[Phrase grounding data]
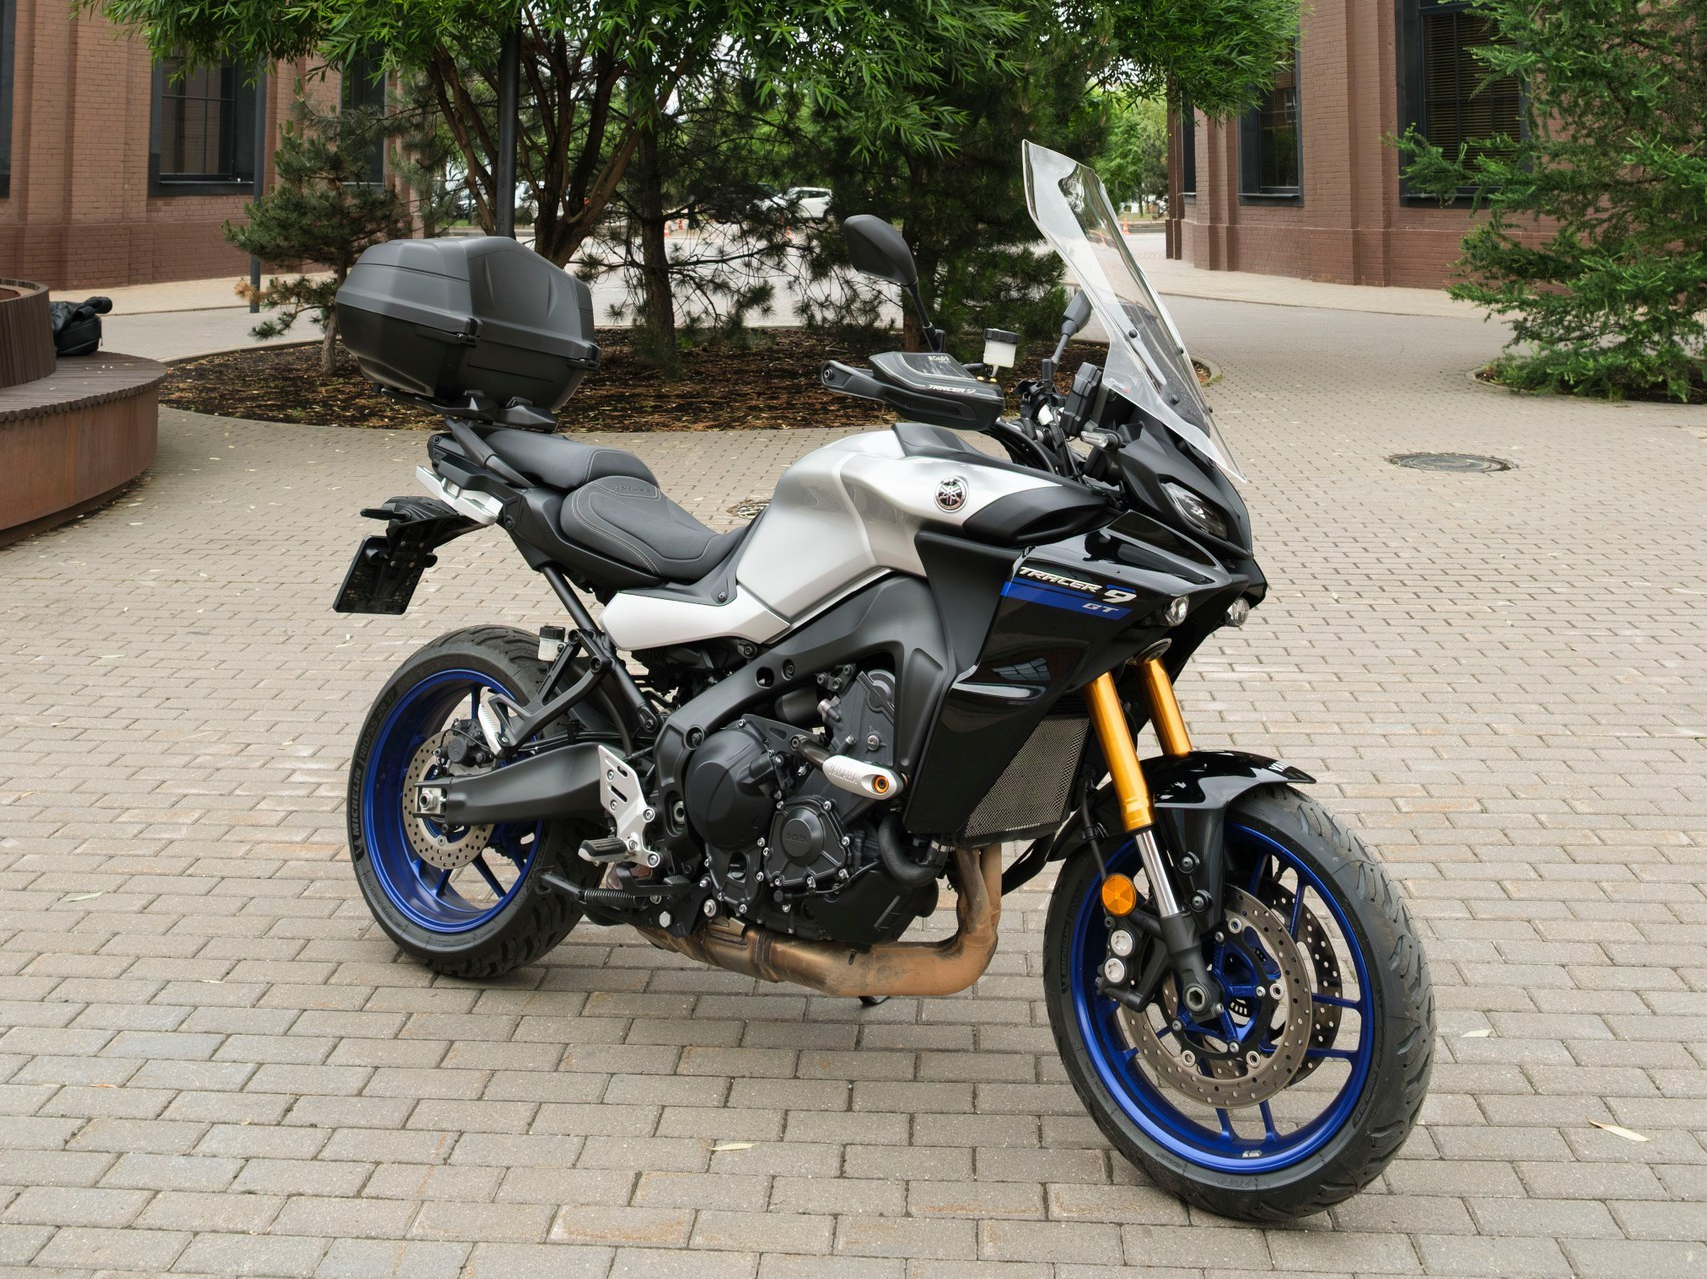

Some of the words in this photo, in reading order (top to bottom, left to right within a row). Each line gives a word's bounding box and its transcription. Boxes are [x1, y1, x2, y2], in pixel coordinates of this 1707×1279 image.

[1018, 566, 1103, 593] TRACER
[1102, 589, 1137, 604] 9
[1082, 603, 1120, 613] GT
[351, 768, 362, 836] MICHELIN
[358, 720, 378, 761] 180/55

EXERCISE – Write out every entry again word for word, without any of the pictures.

THE ANSWER –
Some of the words in this photo, in reading order (top to bottom, left to right within a row). Each line gives a word's bounding box and its transcription. Boxes are [x1, y1, x2, y2], in pixel coordinates of this 1707×1279 image.

[1018, 566, 1103, 593] TRACER
[1102, 589, 1137, 604] 9
[1082, 603, 1120, 613] GT
[351, 768, 362, 836] MICHELIN
[358, 720, 378, 761] 180/55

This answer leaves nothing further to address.